[Opening DATA EXTRACT section]

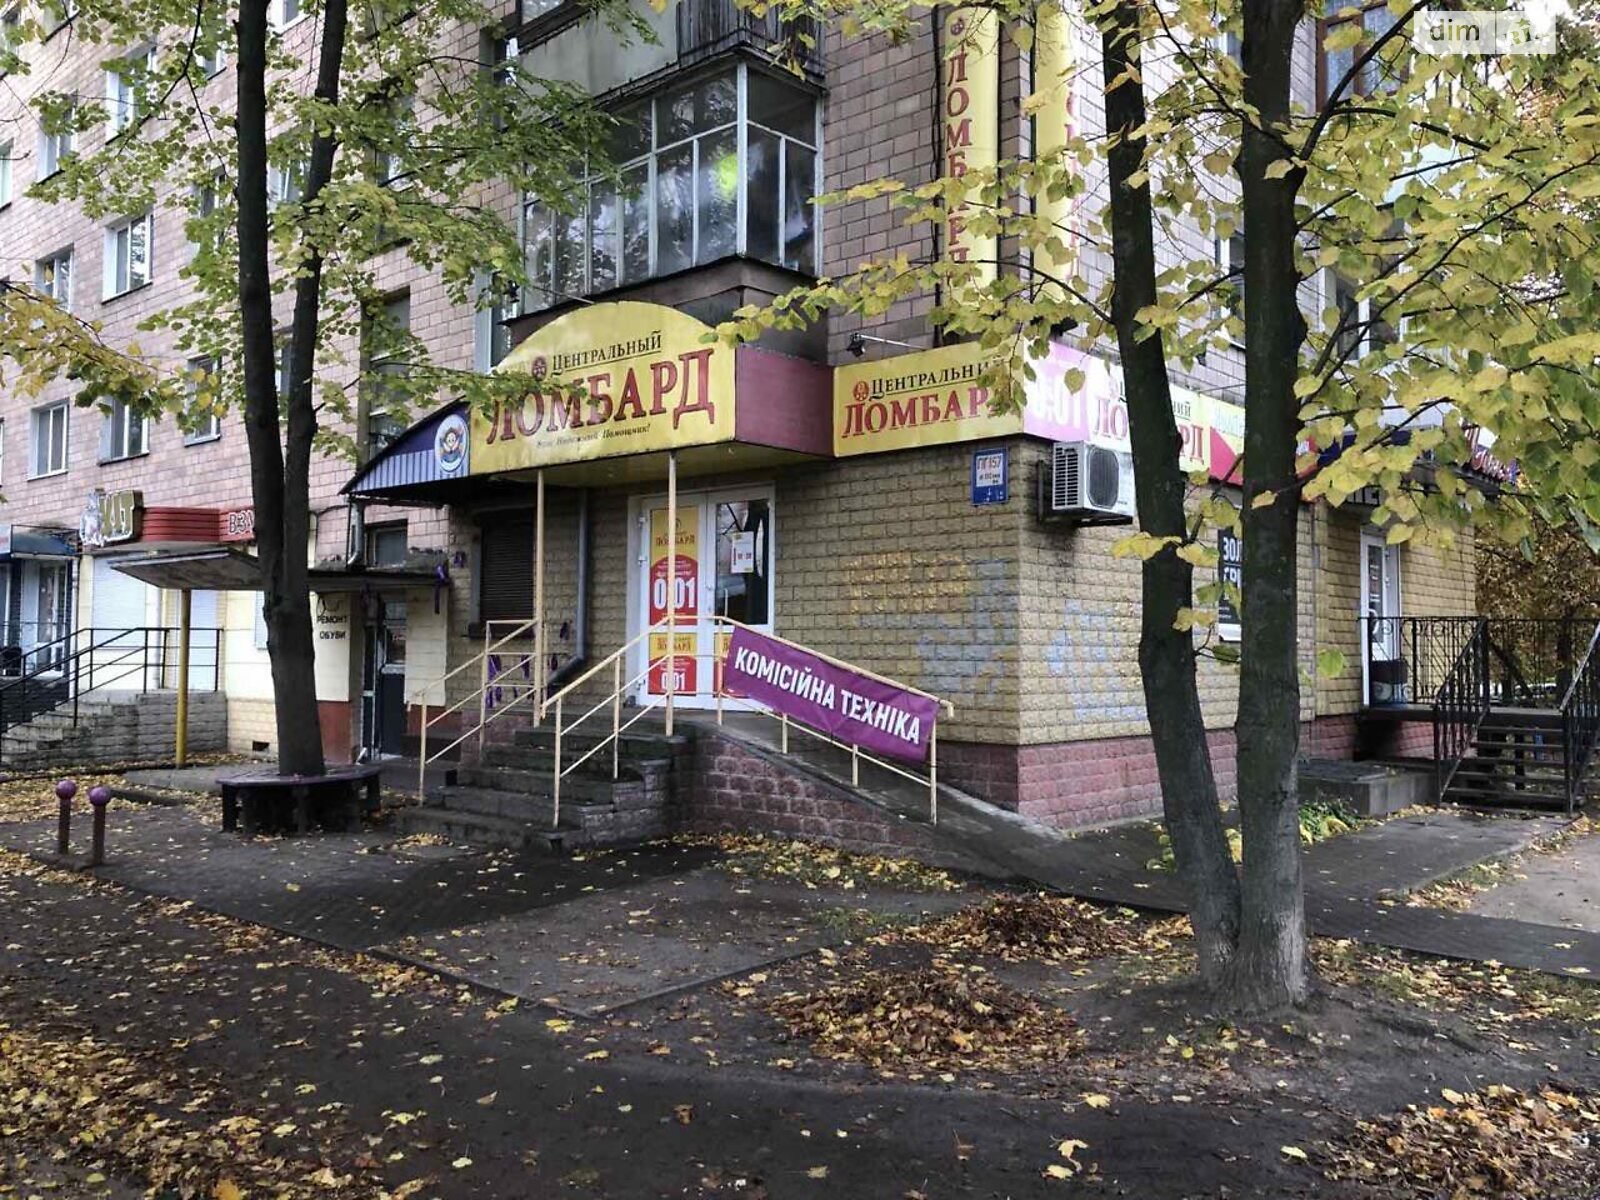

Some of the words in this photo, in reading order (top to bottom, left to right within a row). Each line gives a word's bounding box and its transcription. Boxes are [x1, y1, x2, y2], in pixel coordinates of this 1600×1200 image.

[551, 330, 662, 376] ЦЕНТРАЛЬНЫЙ
[486, 348, 715, 445] ЛОМБАРД
[870, 361, 990, 400] ЦЕНТРАЛЬНИ
[841, 386, 990, 438] ЛОМБАР
[735, 646, 835, 710] КОМІСІЙНА
[841, 690, 920, 745] ТЕХНІКА

[Closing DATA EXTRACT section]

Repeat the data exactly as written, but without the pictures.

Some of the words in this photo, in reading order (top to bottom, left to right within a row). Each line gives a word's bounding box and its transcription. Boxes are [x1, y1, x2, y2], in pixel coordinates of this 1600×1200 image.

[551, 330, 662, 376] ЦЕНТРАЛЬНЫЙ
[486, 348, 715, 445] ЛОМБАРД
[870, 361, 990, 400] ЦЕНТРАЛЬНИ
[841, 386, 990, 438] ЛОМБАР
[735, 646, 835, 710] КОМІСІЙНА
[841, 690, 920, 745] ТЕХНІКА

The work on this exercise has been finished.